## TASK TO COMPLETE
Reproduce the entries in full and exactly. Pictures stay out.
▼
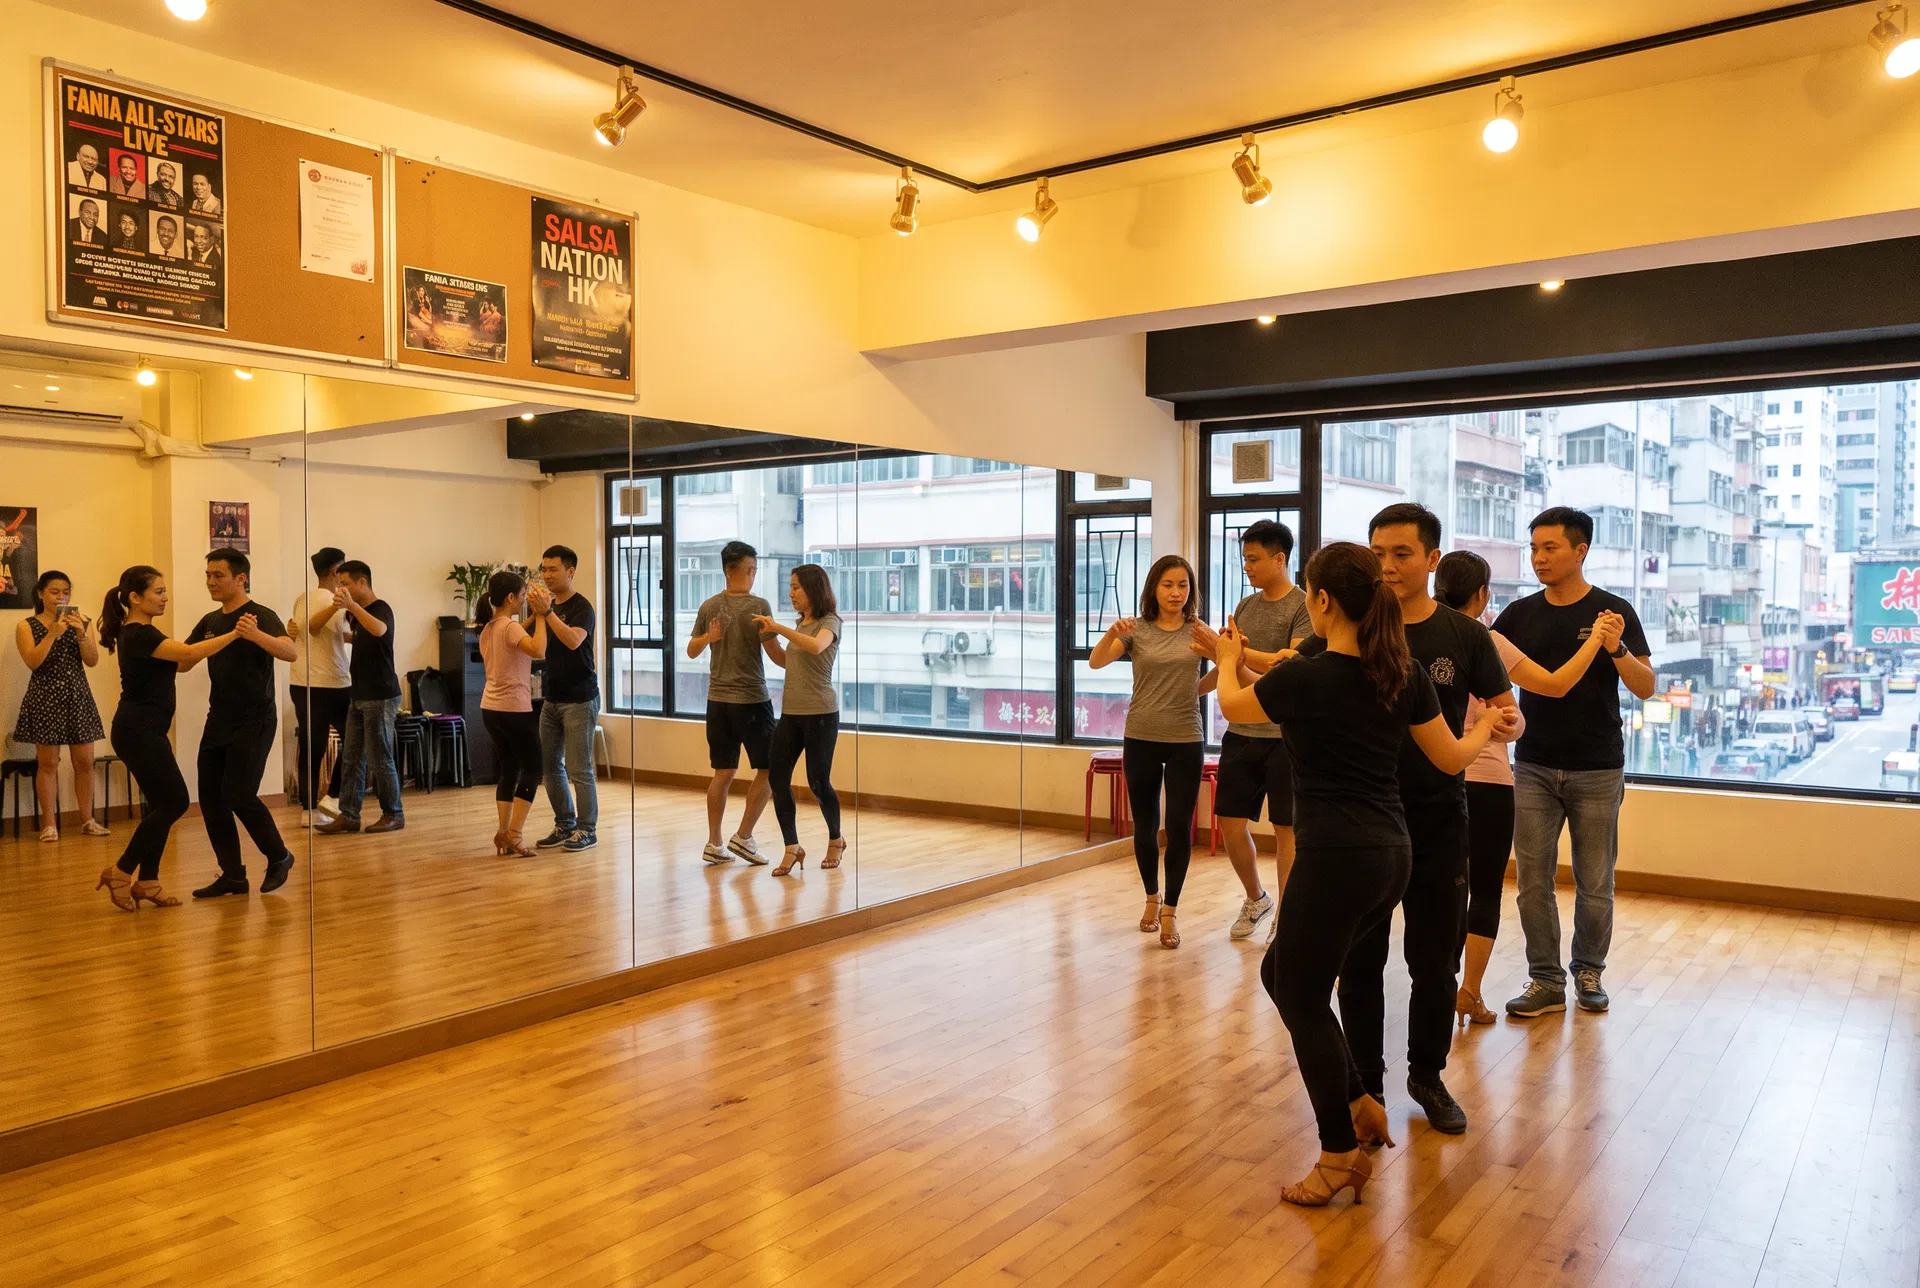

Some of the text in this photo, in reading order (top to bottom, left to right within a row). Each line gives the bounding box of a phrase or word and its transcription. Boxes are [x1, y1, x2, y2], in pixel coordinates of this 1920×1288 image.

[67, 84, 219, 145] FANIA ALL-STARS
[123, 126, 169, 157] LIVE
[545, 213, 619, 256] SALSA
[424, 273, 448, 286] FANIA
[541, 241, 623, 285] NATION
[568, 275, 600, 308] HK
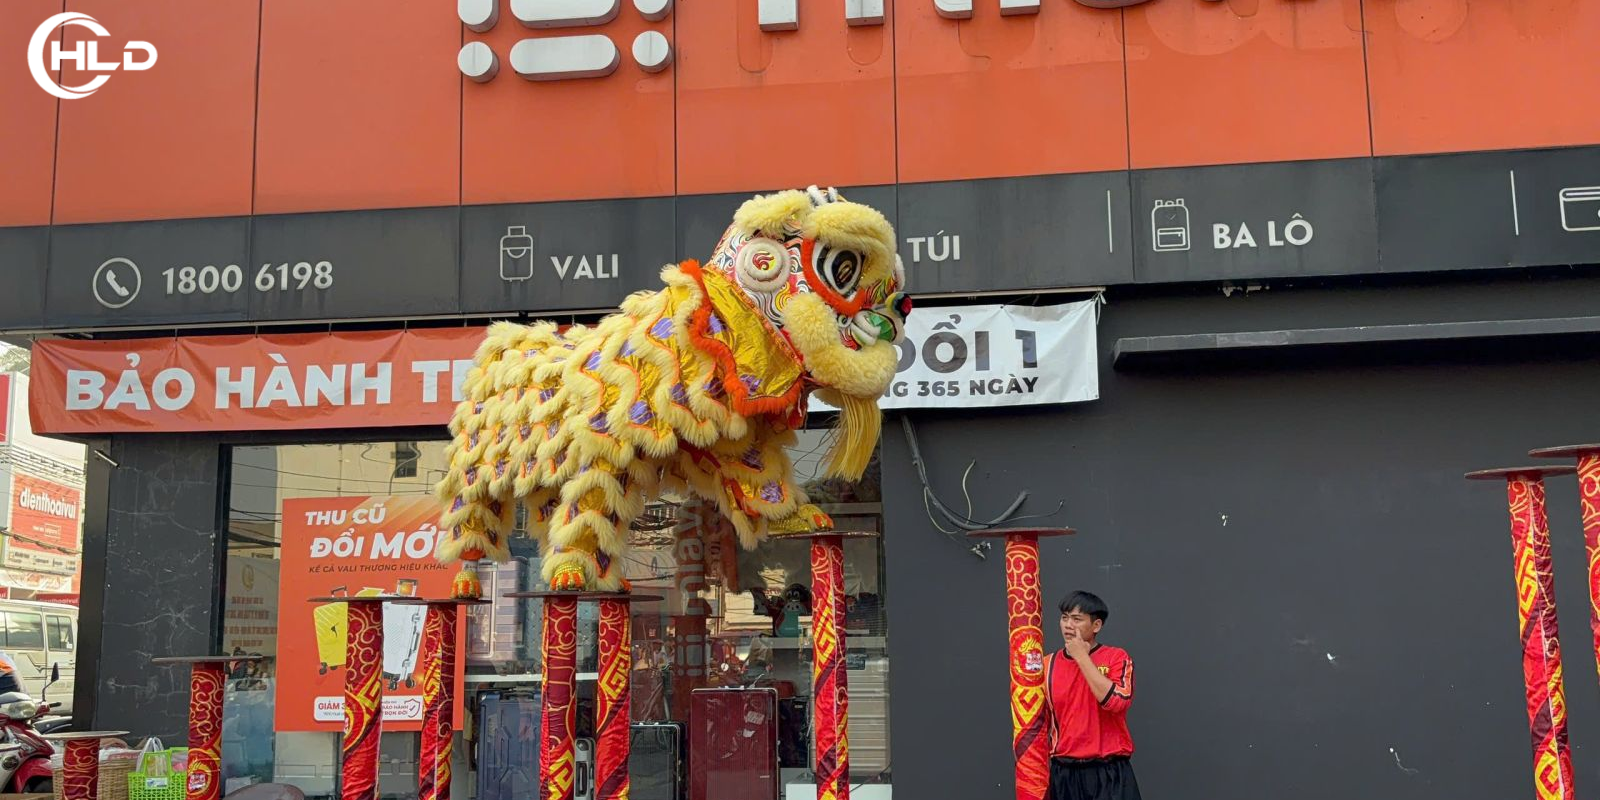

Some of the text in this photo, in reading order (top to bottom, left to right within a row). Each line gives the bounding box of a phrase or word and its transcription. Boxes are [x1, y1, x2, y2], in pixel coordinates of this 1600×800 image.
▲
## RESULT OF THIS EXERCISE
Some of the text in this photo, in reading order (top to bottom, left to right within a row). Each line gives the bounding box of a phrase or word and its transcription. Boxes are [x1, y1, x2, y2], in pixel coordinates of this 1920×1288 image.

[67, 84, 219, 145] FANIA ALL-STARS
[123, 126, 169, 157] LIVE
[545, 213, 619, 256] SALSA
[424, 273, 448, 286] FANIA
[541, 241, 623, 285] NATION
[568, 275, 600, 308] HK

Some of the text in this photo, in reading order (top to bottom, left to right within a row). Each line gives the bounding box of a phrase or word and its transcription. Boxes are [x1, y1, x2, y2], in pixel coordinates of this 1600×800 image.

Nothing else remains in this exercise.